- Brief -
Set down every record exactly as it appears.

======== Given records

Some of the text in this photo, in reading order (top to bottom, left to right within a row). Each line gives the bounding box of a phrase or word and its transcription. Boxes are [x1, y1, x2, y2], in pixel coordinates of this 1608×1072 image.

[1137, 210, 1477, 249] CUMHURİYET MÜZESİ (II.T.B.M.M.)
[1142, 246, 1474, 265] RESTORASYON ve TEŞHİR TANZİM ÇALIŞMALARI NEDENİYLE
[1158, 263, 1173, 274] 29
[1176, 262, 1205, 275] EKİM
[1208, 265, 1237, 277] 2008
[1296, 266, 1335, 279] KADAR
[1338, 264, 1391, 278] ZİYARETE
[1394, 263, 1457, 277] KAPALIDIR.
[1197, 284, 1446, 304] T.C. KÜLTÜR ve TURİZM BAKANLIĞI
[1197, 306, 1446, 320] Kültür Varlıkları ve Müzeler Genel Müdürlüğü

================

- Task answer -
Some of the text in this photo, in reading order (top to bottom, left to right within a row). Each line gives the bounding box of a phrase or word and its transcription. Boxes are [x1, y1, x2, y2], in pixel coordinates of this 1608×1072 image.

[1137, 210, 1477, 249] CUMHURİYET MÜZESİ (II.T.B.M.M.)
[1142, 246, 1474, 265] RESTORASYON ve TEŞHİR TANZİM ÇALIŞMALARI NEDENİYLE
[1158, 263, 1173, 274] 29
[1176, 262, 1205, 275] EKİM
[1208, 265, 1237, 277] 2008
[1296, 266, 1335, 279] KADAR
[1338, 264, 1391, 278] ZİYARETE
[1394, 263, 1457, 277] KAPALIDIR.
[1197, 284, 1446, 304] T.C. KÜLTÜR ve TURİZM BAKANLIĞI
[1197, 306, 1446, 320] Kültür Varlıkları ve Müzeler Genel Müdürlüğü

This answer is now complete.